Problem
Transcribe the records exactly. Pictures do not belong in the transcription.

Recorded data
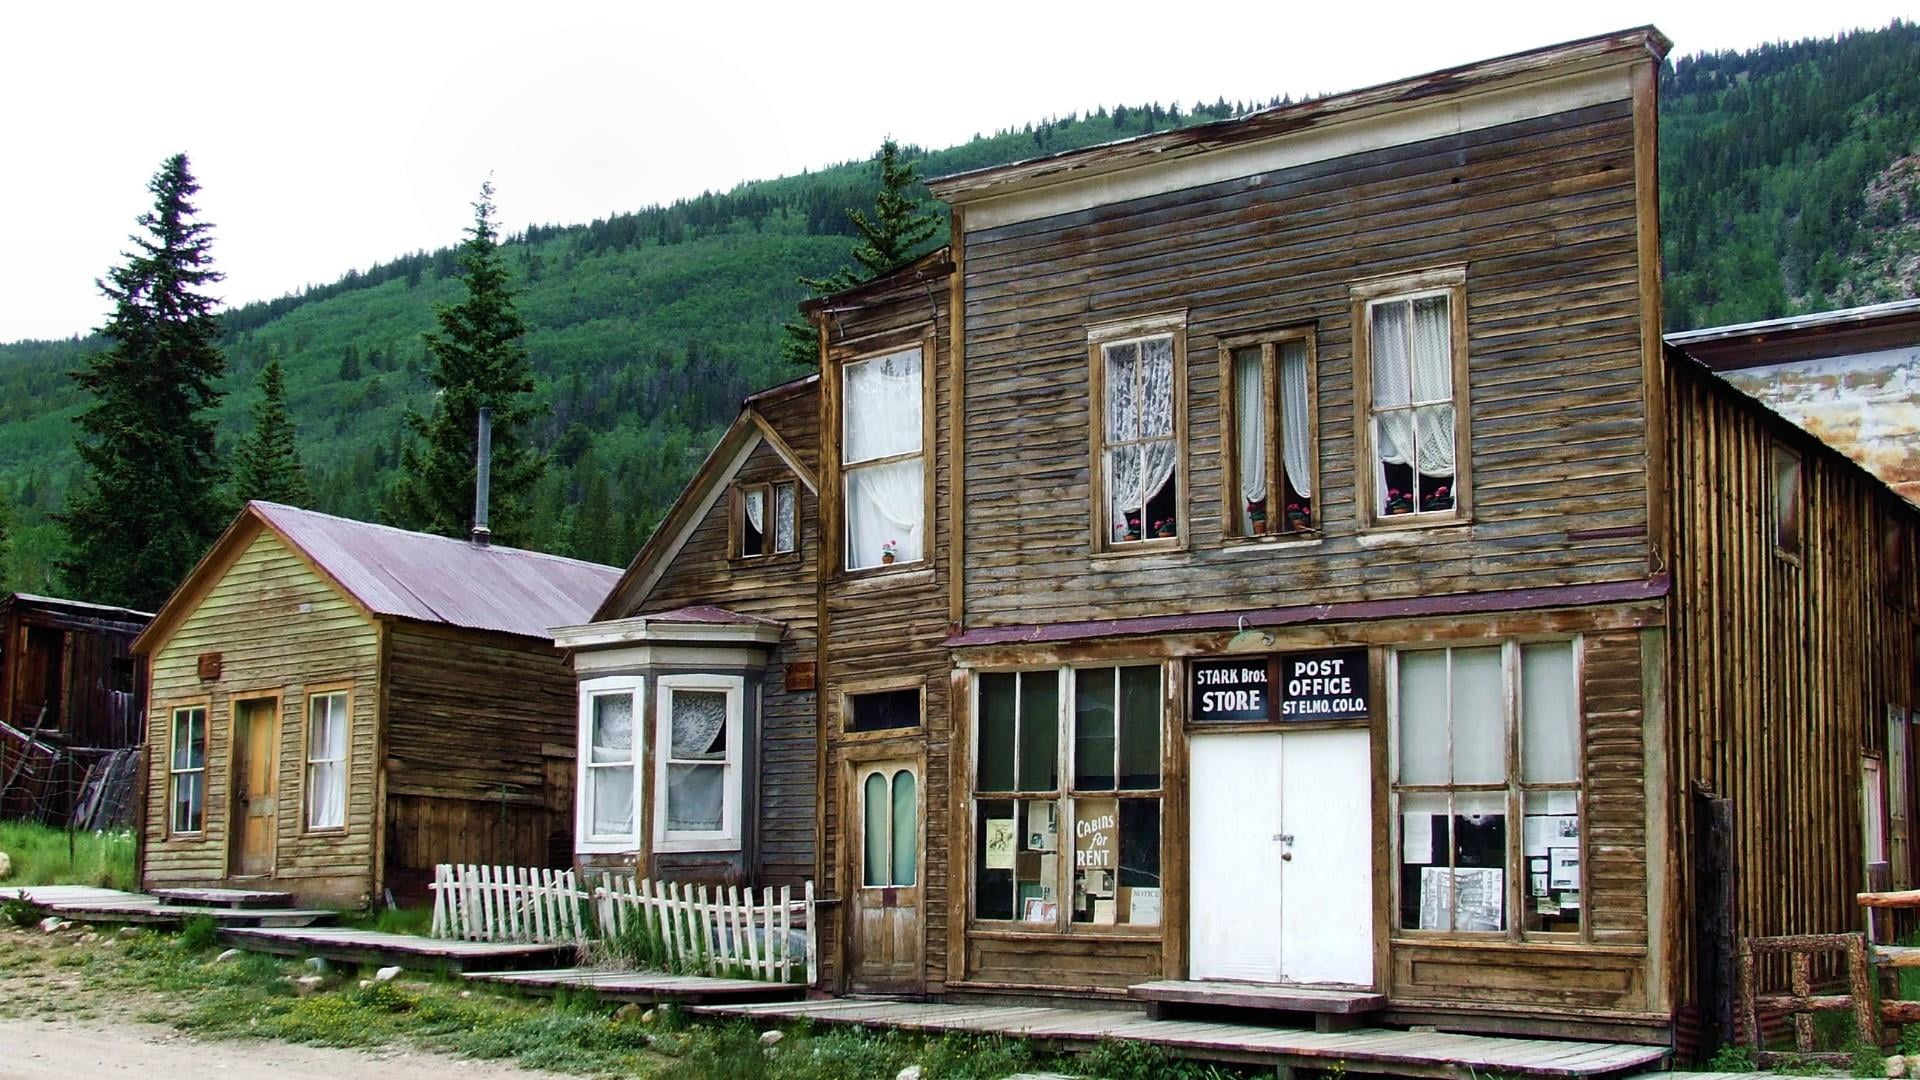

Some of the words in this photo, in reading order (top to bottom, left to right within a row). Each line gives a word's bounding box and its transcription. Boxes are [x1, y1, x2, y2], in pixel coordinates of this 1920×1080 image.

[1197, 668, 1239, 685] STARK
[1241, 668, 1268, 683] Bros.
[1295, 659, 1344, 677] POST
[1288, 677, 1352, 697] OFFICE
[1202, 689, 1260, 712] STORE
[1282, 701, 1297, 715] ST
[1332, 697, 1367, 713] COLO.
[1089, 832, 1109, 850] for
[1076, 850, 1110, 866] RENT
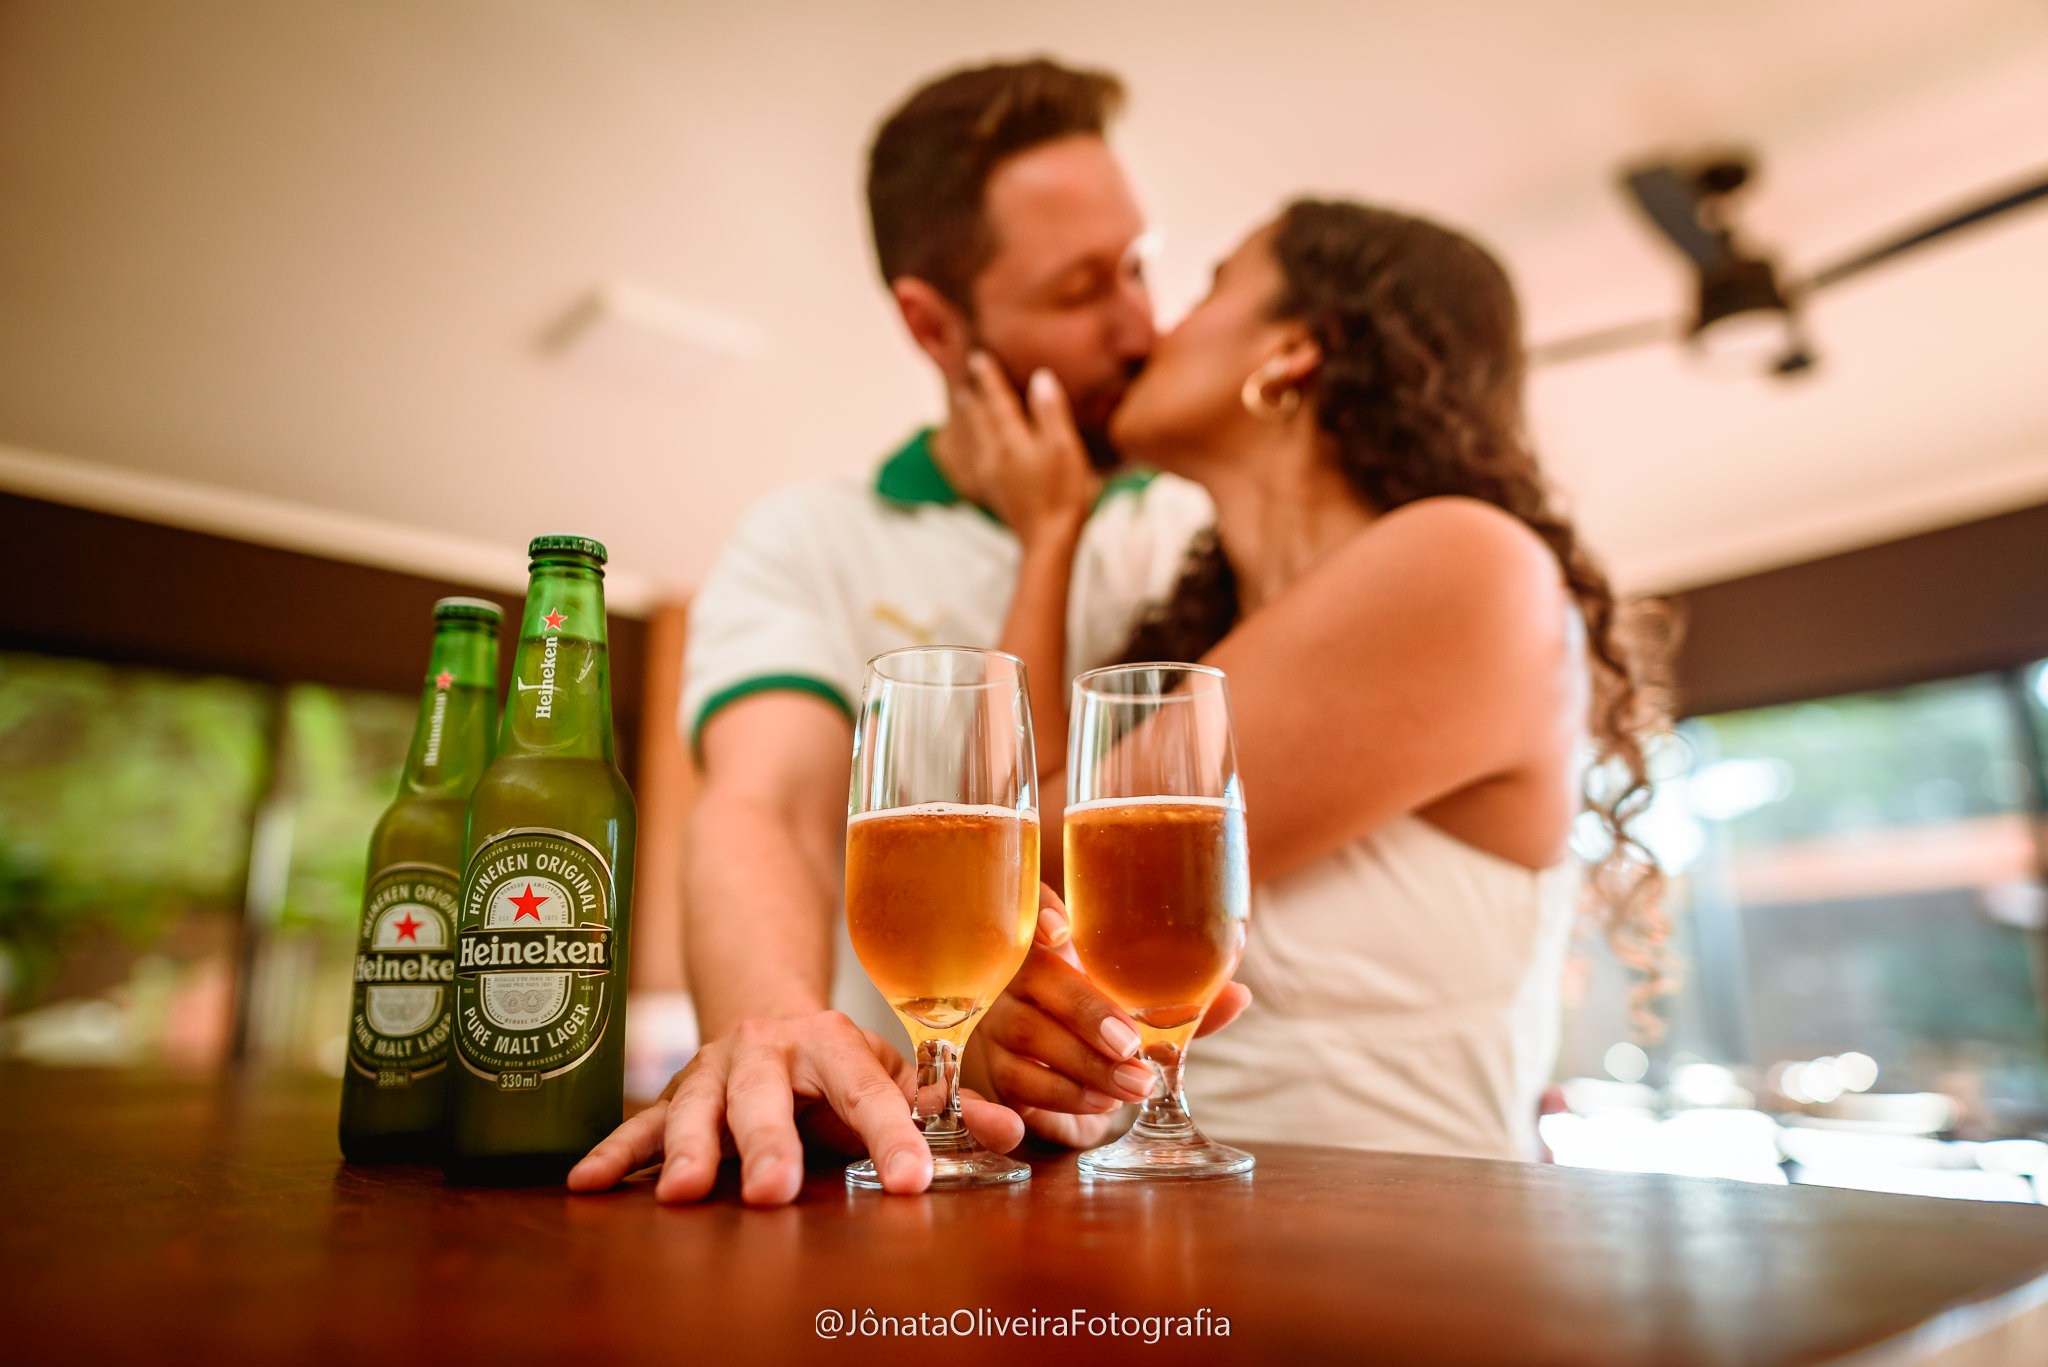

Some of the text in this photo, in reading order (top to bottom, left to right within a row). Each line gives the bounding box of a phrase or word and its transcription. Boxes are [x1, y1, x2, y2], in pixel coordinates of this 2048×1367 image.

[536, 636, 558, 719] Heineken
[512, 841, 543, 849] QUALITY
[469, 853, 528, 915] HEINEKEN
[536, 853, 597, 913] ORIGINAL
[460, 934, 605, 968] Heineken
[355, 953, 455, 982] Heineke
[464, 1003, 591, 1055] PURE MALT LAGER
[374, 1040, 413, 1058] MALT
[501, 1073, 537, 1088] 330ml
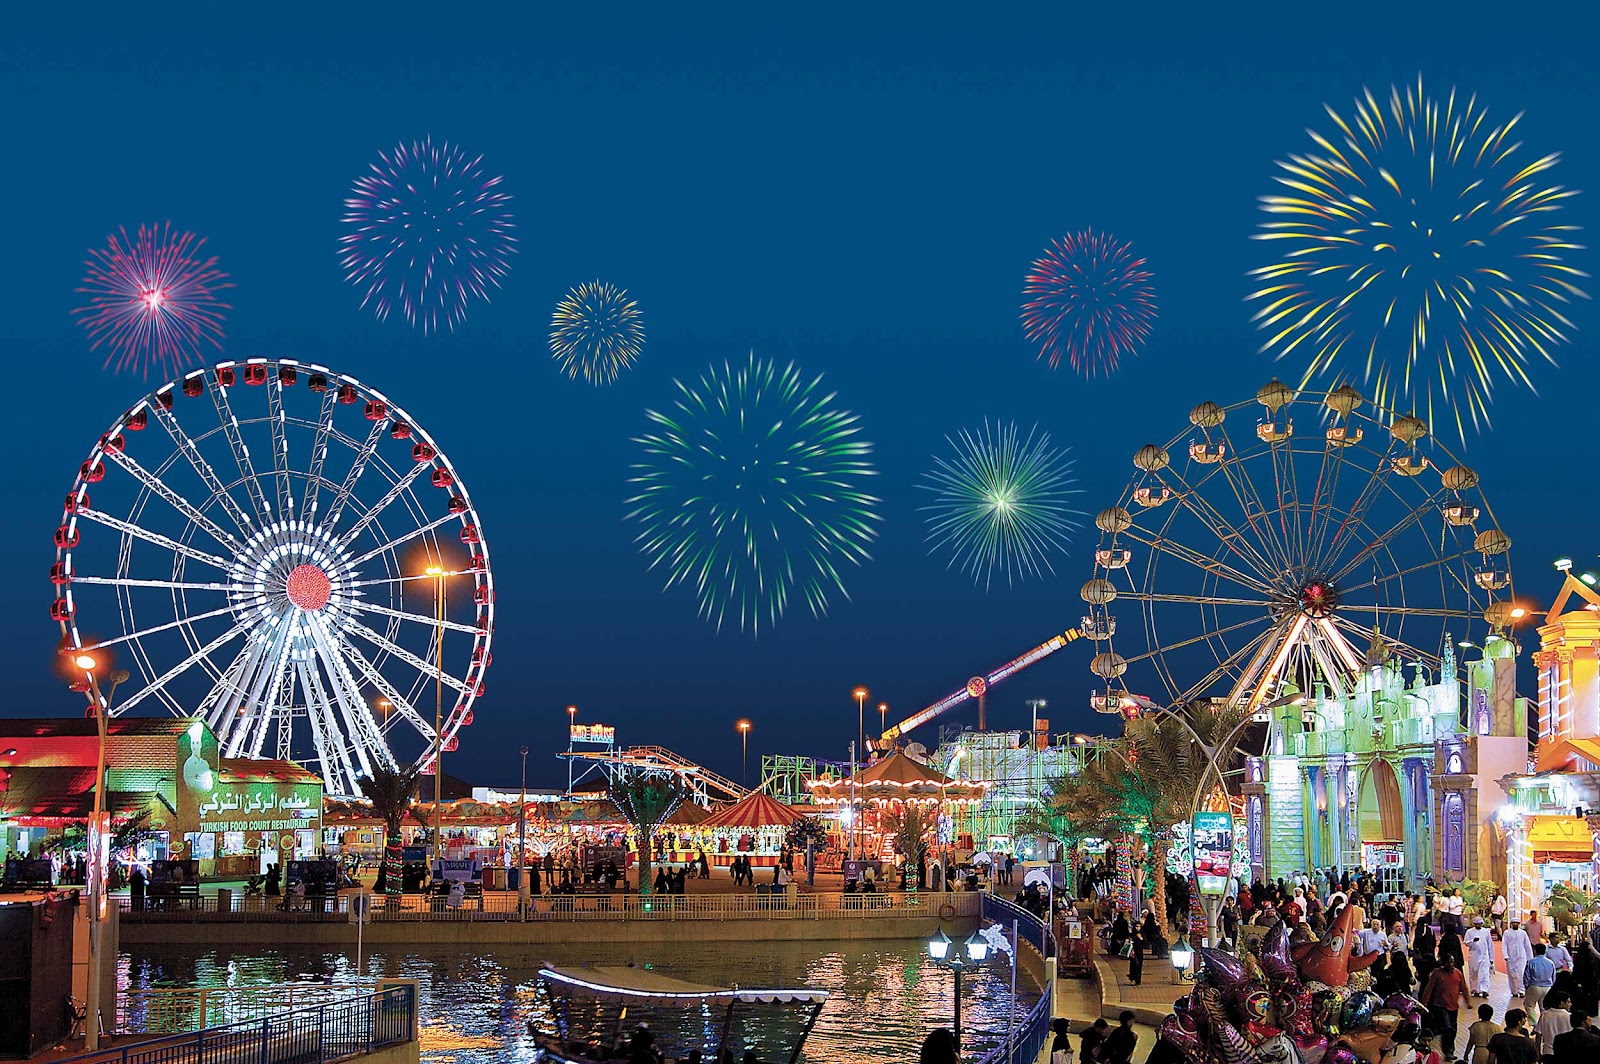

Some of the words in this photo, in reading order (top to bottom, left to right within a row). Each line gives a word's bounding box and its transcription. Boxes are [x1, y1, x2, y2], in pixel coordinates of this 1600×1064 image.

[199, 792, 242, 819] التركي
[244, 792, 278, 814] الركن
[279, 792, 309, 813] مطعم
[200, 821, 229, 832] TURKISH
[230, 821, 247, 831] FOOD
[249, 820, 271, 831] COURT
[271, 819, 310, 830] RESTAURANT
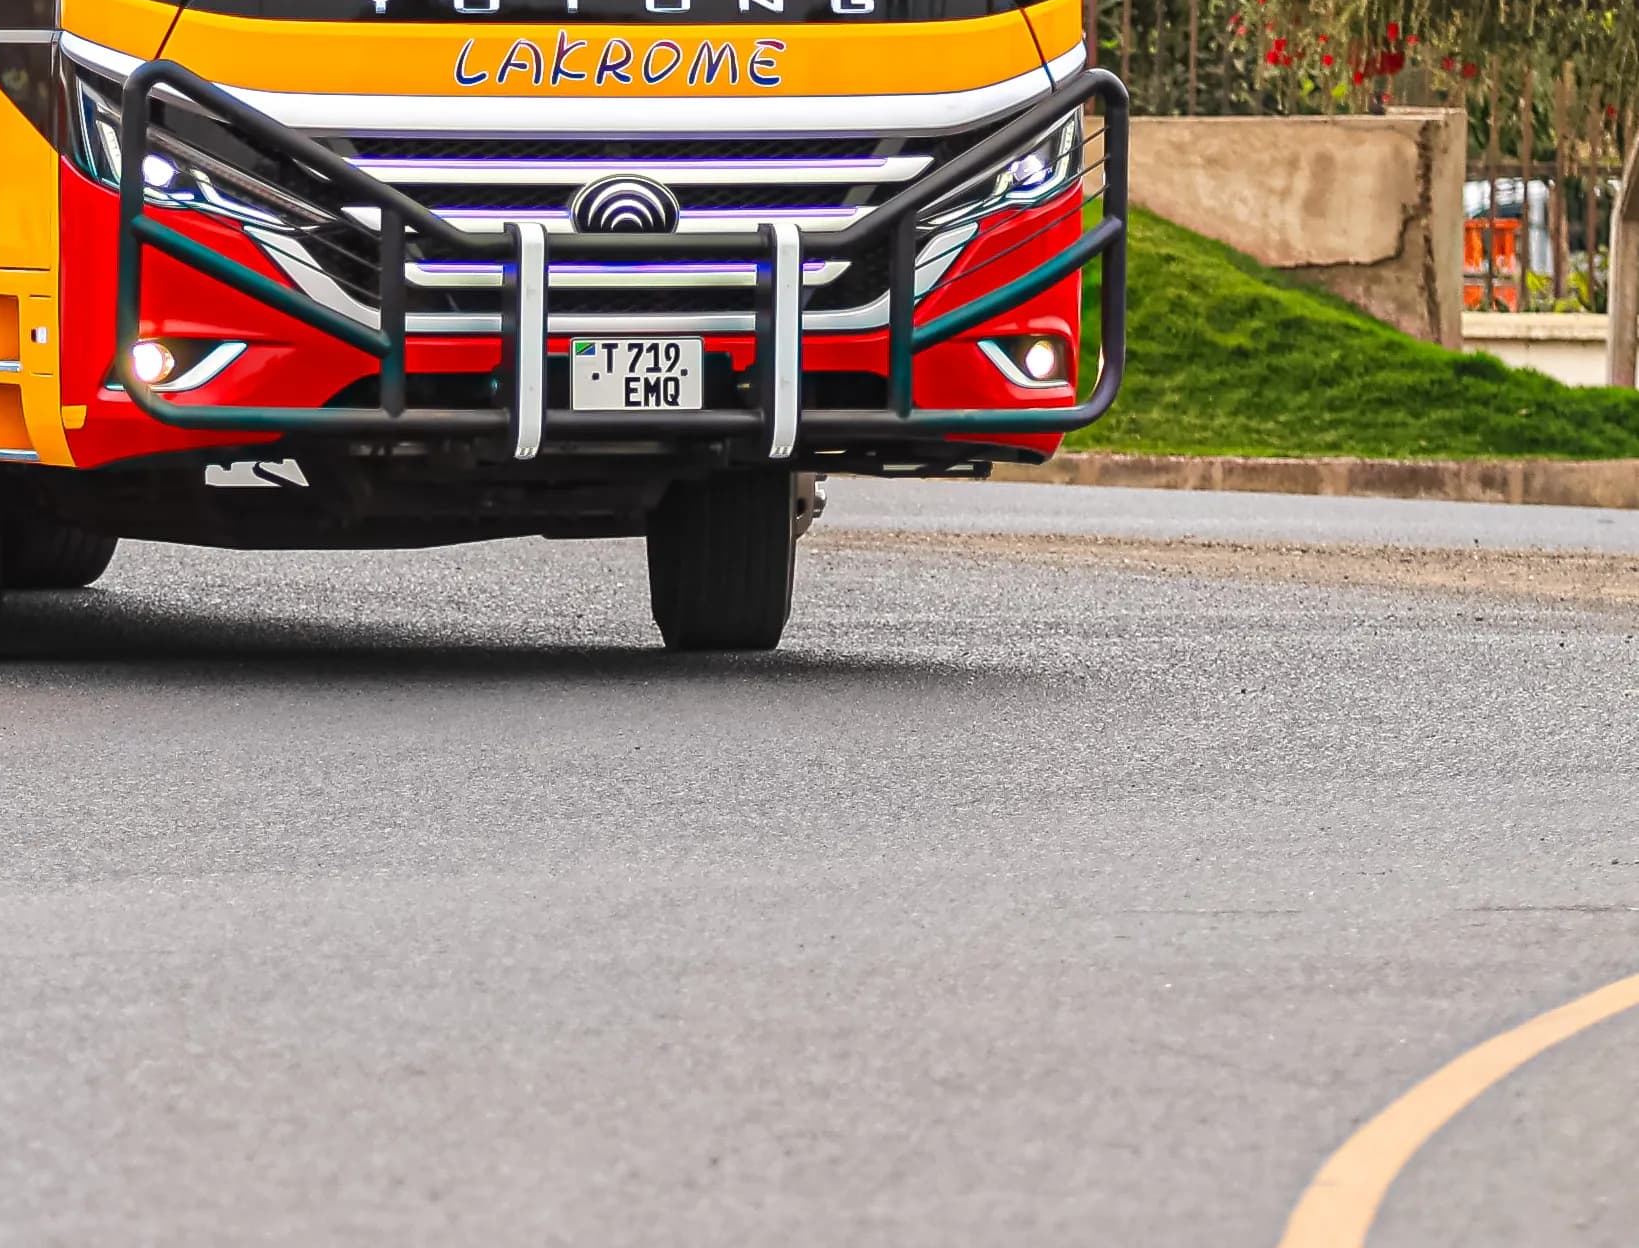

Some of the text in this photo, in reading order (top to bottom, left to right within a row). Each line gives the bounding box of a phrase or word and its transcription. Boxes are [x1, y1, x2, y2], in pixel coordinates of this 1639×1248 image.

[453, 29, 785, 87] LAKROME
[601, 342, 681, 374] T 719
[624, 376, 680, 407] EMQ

Task result
Some of the words in this photo, in reading order (top to bottom, left to right within a row). Each line gives a word's bounding box and its transcription. Boxes are [x1, y1, x2, y2], in pixel coordinates of this 1920×1080 image.

[1197, 668, 1239, 685] STARK
[1241, 668, 1268, 683] Bros.
[1295, 659, 1344, 677] POST
[1288, 677, 1352, 697] OFFICE
[1202, 689, 1260, 712] STORE
[1282, 701, 1297, 715] ST
[1332, 697, 1367, 713] COLO.
[1089, 832, 1109, 850] for
[1076, 850, 1110, 866] RENT

Some of the text in this photo, in reading order (top to bottom, left to right within a row). Each line gives the bounding box of a phrase or word and its transcription. Boxes are [x1, y1, x2, y2], in pixel coordinates of this 2048×1367 image.

[536, 636, 558, 719] Heineken
[512, 841, 543, 849] QUALITY
[469, 853, 528, 915] HEINEKEN
[536, 853, 597, 913] ORIGINAL
[460, 934, 605, 968] Heineken
[355, 953, 455, 982] Heineke
[464, 1003, 591, 1055] PURE MALT LAGER
[374, 1040, 413, 1058] MALT
[501, 1073, 537, 1088] 330ml

Some of the words in this photo, in reading order (top to bottom, left to right within a row). Each line gives a word's bounding box and its transcription. Boxes are [x1, y1, x2, y2], in pixel coordinates of this 1600×1064 image.

[199, 792, 242, 819] التركي
[244, 792, 278, 814] الركن
[279, 792, 309, 813] مطعم
[200, 821, 229, 832] TURKISH
[230, 821, 247, 831] FOOD
[249, 820, 271, 831] COURT
[271, 819, 310, 830] RESTAURANT

Some of the text in this photo, in reading order (top to bottom, left to right within a row). Each line gives the bounding box of a phrase or word and its transcription. Boxes are [x1, y1, x2, y2], in pixel coordinates of this 1639×1248 image.

[453, 29, 785, 87] LAKROME
[601, 342, 681, 374] T 719
[624, 376, 680, 407] EMQ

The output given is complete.